Economic and market perspective
U.S. economic data surprised to the upside in December with strong employment and growth results and the Fed remained on hold as expected. Progress on tariffs and U.K. election results lowered geopolitical noise for the time being. These developments led to continued improvement in risk sentiment.
On December 13, two days before additional tariffs were to be implemented, the U.S. and China announced they had agreed on phase one of the long sought after trade deal. The U.S. agreed not to implement the December 15th tariffs and to cut the tariff rate in half on the September tariffs, but prior tariffs remain in place subject to further negotiations. China agreed not to implement the scheduled retaliatory tariffs, increase imports from the U.S. by $200 billion over the next two years and put better protections in place for U.S. intellectual property. President Trump said the phase one deal will be signed January 15th at the White House.

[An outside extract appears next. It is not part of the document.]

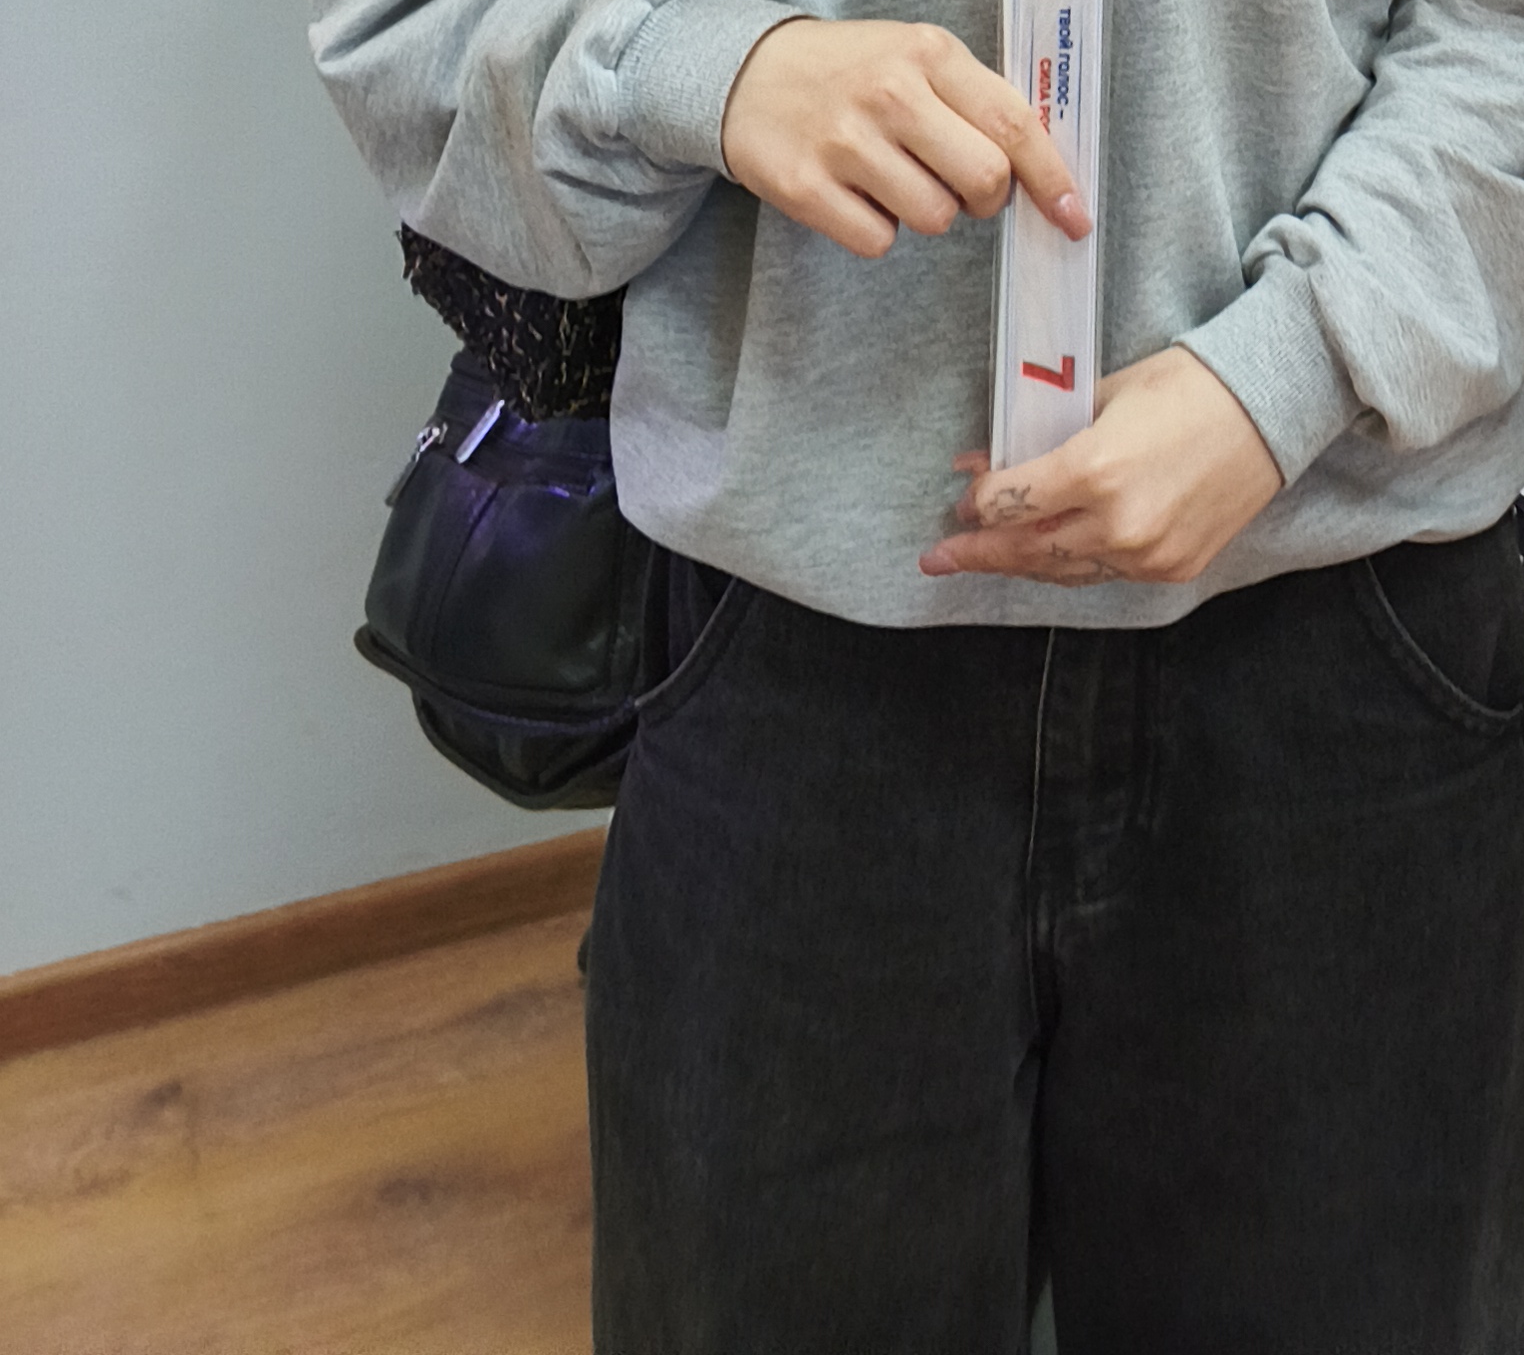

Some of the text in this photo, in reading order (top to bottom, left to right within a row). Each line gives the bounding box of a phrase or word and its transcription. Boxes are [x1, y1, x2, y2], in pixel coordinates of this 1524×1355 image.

[1057, 8, 1073, 106] ТВОЙ ГОЛОС
[1039, 58, 1052, 101] СИЛА
[1021, 355, 1075, 392] 7

The Conservative Party won U.K. elections decisively in mid-December. Boris Johnson, the leader of the party, campaigned on a promise to “Get Brexit Done.“ Subsequent to the election, parliament approved Johnson’s Withdrawal Agreement – assuming it passes remaining steps in the U.K., the law will take effect in January. The European Parliament will also vote on the U.K.’s withdrawal. If all proceeds as planned, the U.K. is set to exit the European Union on or before January 31, 2020. An E.U. summit will then begin in February to negotiate new trade arrangements between the U.K. and the E.U.

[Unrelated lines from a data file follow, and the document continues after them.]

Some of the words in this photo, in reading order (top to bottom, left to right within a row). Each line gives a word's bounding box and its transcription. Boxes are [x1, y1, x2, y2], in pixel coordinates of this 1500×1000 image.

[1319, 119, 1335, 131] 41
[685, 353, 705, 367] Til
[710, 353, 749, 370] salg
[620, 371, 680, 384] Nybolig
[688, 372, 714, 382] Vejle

Eurozone manufacturing PMI fell to 46.3, the 11th consecutive month below 50 (below the 50 level indicating contraction); composite Eurozone PMI showed expansion with a level of 50.6. U.S. ISM Manufacturing Index declined to 48.1 for November from 48.3 the prior month and below market expectations of 49.4. November was the fourth consecutive month showing contraction. By contrast, Chinese official manufacturers PMI was mildly expansionary at 50.2, exceeding market expectations. After a period of contraction, December was the second month in a row with modest expansion.

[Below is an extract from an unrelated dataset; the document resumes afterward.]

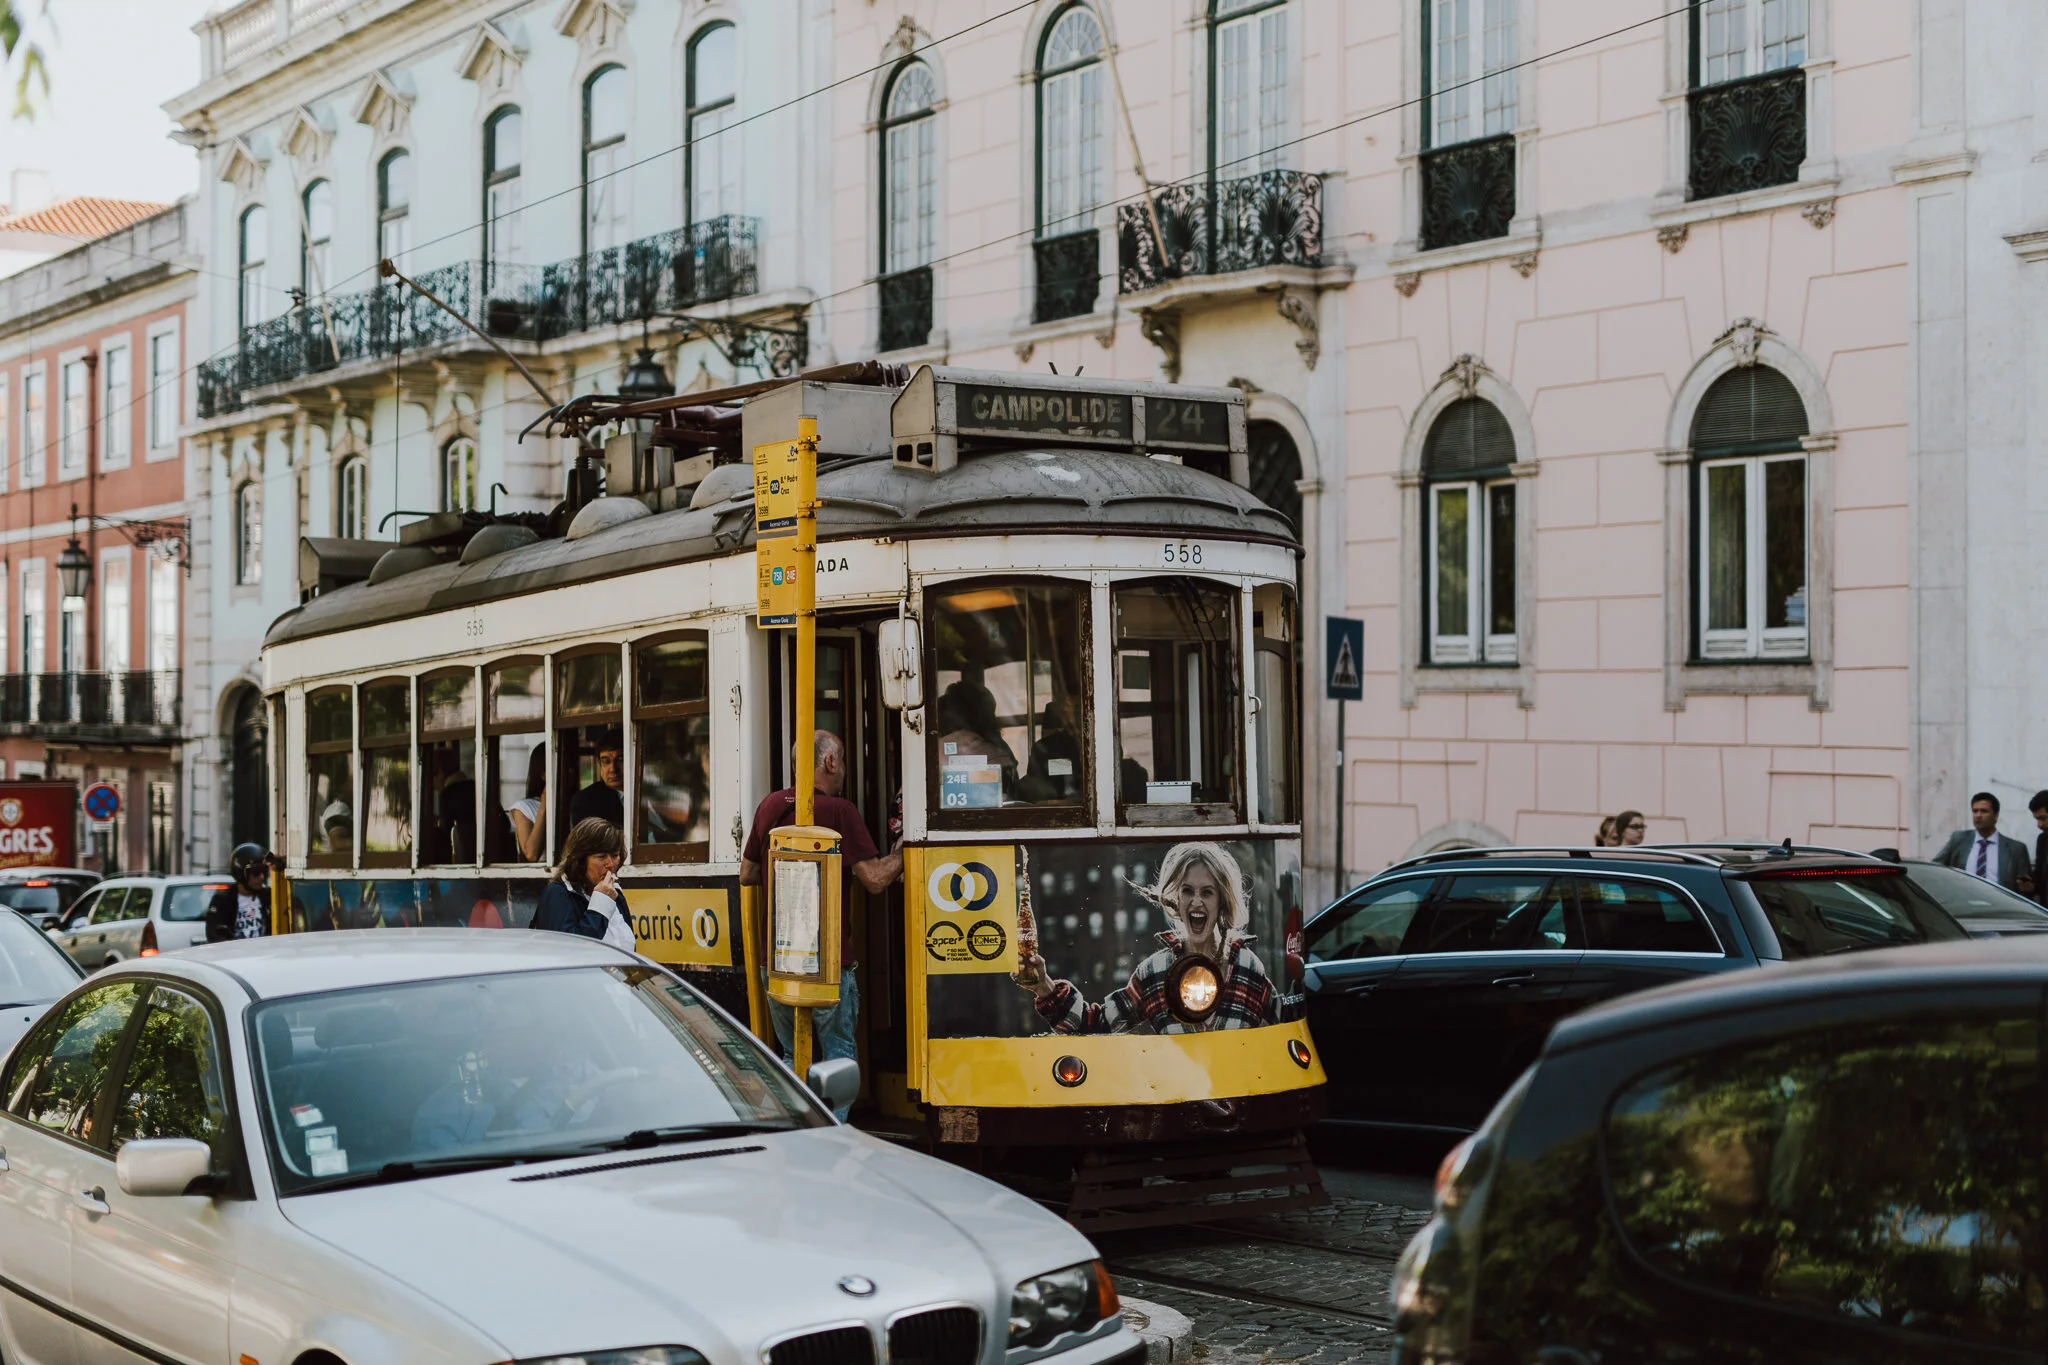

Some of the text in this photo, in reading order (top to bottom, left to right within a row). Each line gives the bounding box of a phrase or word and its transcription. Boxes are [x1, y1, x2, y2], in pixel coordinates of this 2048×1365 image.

The Federal Open Market Committee left the Fed Funds rate unchanged at its December 10-11th meeting, in line with market expectations. In its statement, the Fed emphasized that “monetary policy is appropriate to support sustained expansion of economic activity, strong labor market conditions and inflation near the Committee’s symmetric 2% objective.” The updated ‘dot plot’ showed a downward move in the expectations of Fed members. In the September dot plot, nine dots reflected one or more rate hikes in 2020; in the most recent plot, only four dots projected one hike in 2020. The median expectations of future Fed Funds Rates also came down to 1.6% 2020 (from 1.9%), 1.9% in 2021 (from 2.1%) and 2.1% in 2022 (from 2.4%), though the long run estimate was unchanged at 2.5%. As of the end of December, the market is not pricing in a greater than 50% chance of any additional Fed actions in any of the next twelve months.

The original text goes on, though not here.